The scribes who were in charge of the Old Testament text dedicated their lives to preserving the text’s accuracy when they made copies. The great lengths the scribes went to guarantee the reliability of the copies is illustrated by the fact that they would count every letter and every word, and record in the margins such things as the middle letter and word of the Torah. If a single error was found, the copy was immediately destroyed. As a software engineer, I can personally vouch that the scribe’s method of protecting the text is more rigorous than the common checksuming methods used today to protect software programs from corruption3.
The New Testament manuscript evidence is even more impressive, with 24,000 known copies, 5,366 which are complete, and some that date as early as the second and third centuries. This manuscript authority greatly surpasses all other writings of antiquity, as illustrated in the following table4:
Work | When Written |
Earliest Copy |
Time Span |
No. of copies |
New Testament | A.D. 40-100 | A.D. 125 | 25 yrs | 24,000 |
Homer (Iliad) | 900 B.C. | 400 B.C | 500 yrs | 643 |
Sophocles | 496-406 B.C | A.D. 1000 | 1,400 yrs | 193 |
Aristotle | 384-322 B.C. | A.D. 1100 | 1,400 yrs | 49 |
Caesar (Gallic Wars) | 58-50 B.C. | A.D. 900 | 1000 yrs | 10 |
As can be seen from the table, Homer’s Iliad, the most renowned book of ancient Greece, is a very distant second to the New Testament in manuscript support, with only 643 copies. Of these copies, there are 764 disputed lines, compared to only 40 lines in the New Testament5. The New Testament even fares better than the 37 plays written by William Shakespeare in the 17th century. Every play contains various gaps in the printed text, forcing scholars in many cases to “fill in the blanks”. With the 24,000 copies of the New Testament, we can be sure that nothing has been lost. It is also very impressive to note that scholars can recreate all but 11 verses of the New Testament by simply piecing together quotations by the early church fathers of the second and third centuries!
The scholar F.F. Bruce, in The Books and the Parchments sums it up well:
There is no body of ancient literature in the world which enjoys such a wealth of good textual attestation as the New Testament6.
Scientific Evidence Other Religions
1. Of course this doesn’t mean that all translations are equal! Some are clearly better than others and convey wording closer to the original language. Most scholars I respect recommend the King James over all other versions – it is the standard that all modern translations are compared to. But please don’t confuse this with those who claim the KJV is the only inspired version. Bob Enyart utterly destroys that argument here.
2. Gleason Archer, Jr., A Survey of Old Testament Introduction, 1974, pg 25.
3. A software checksum is typically the sum of bytes or words over the entire software program.
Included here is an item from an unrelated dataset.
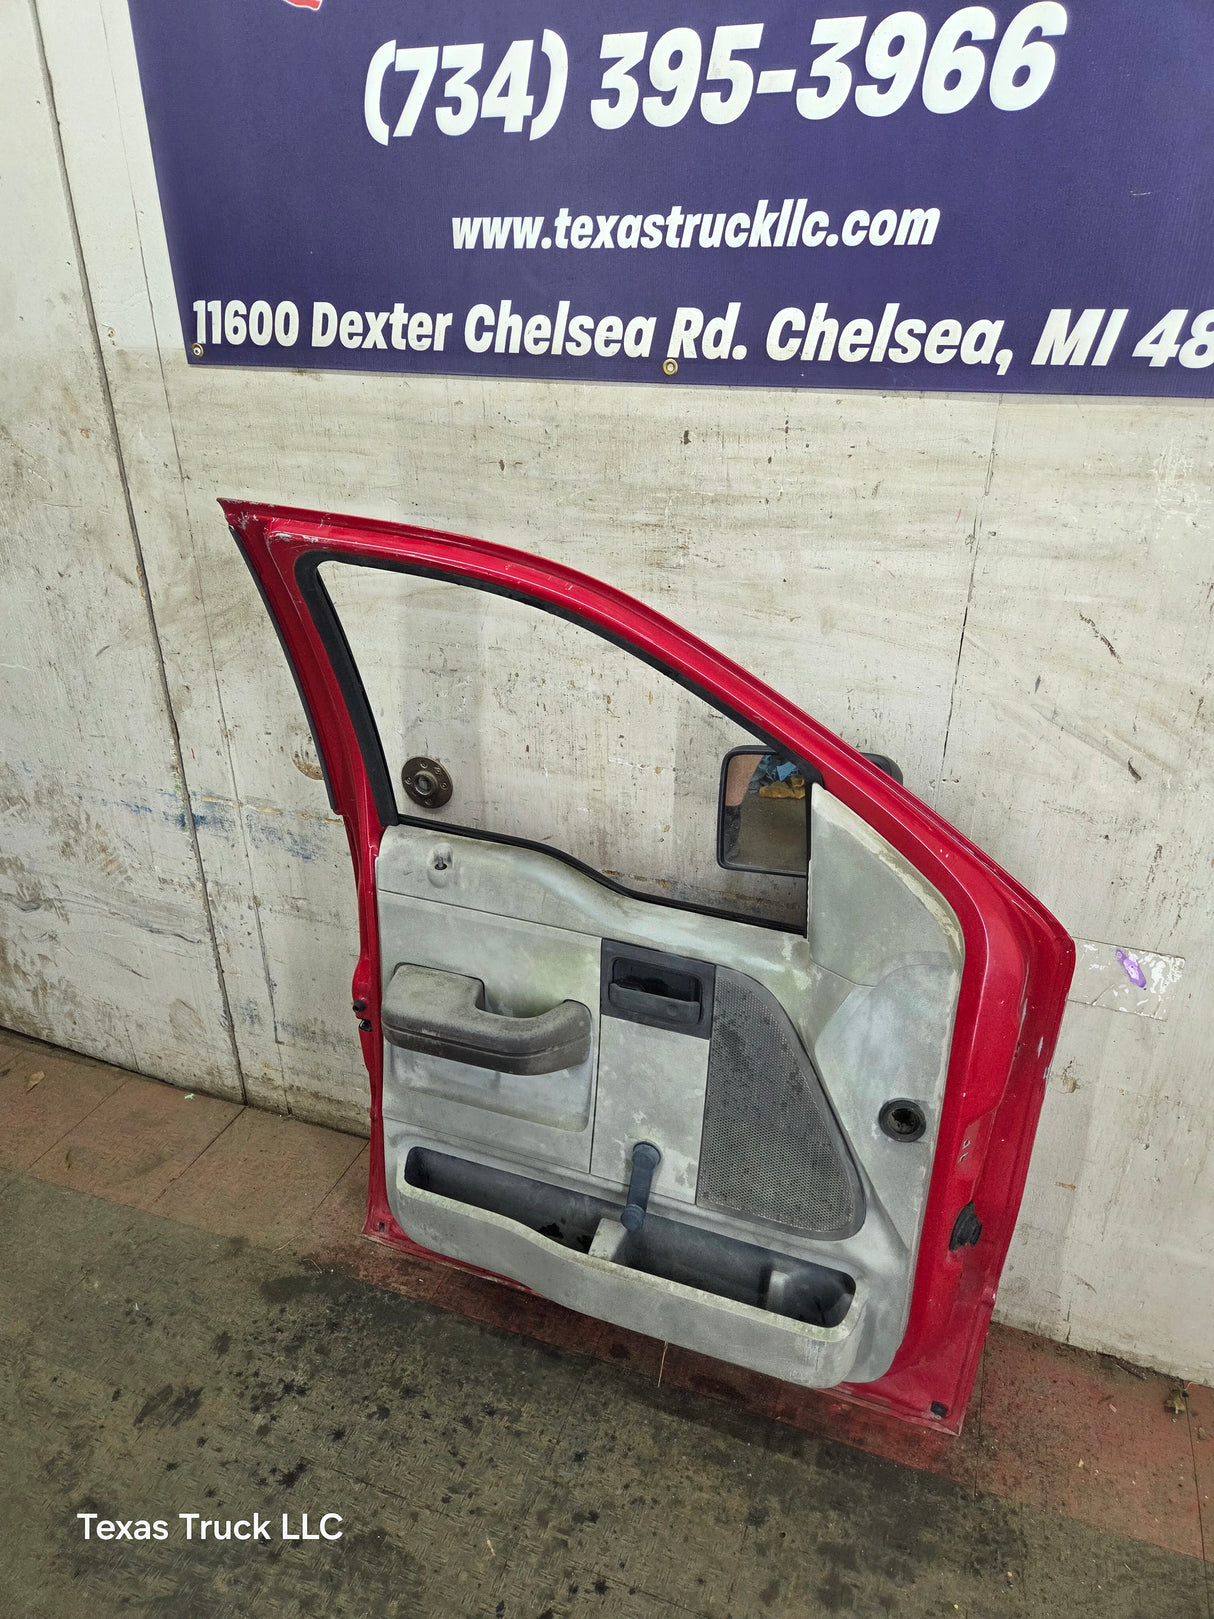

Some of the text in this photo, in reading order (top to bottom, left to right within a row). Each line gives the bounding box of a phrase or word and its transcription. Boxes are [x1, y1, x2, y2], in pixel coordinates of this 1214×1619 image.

In my 17 plus years as an engineer, I have never seen a software program that becomes corrupted yield a valid checksum which causes the corruption to go unnoticed. If a Bible manuscript copy had become corrupted but still yielded the proper word and letter count, it is highly likely that the corruption would still have been detected since the corrupted letter or word would make that portion of the text unreadable. A software program doesn’t have this added safeguard protection since the software is not readable text to the naked eye.
4. Table extracted from Josh McDowell, A Ready Defense, 1993, pg 45.
5. Norman Geisler and William Nix, A General Introduction to the Bible, 1986, pg 367.
6. F.F Bruce, The Books and the Parchments, 1963, pg 178.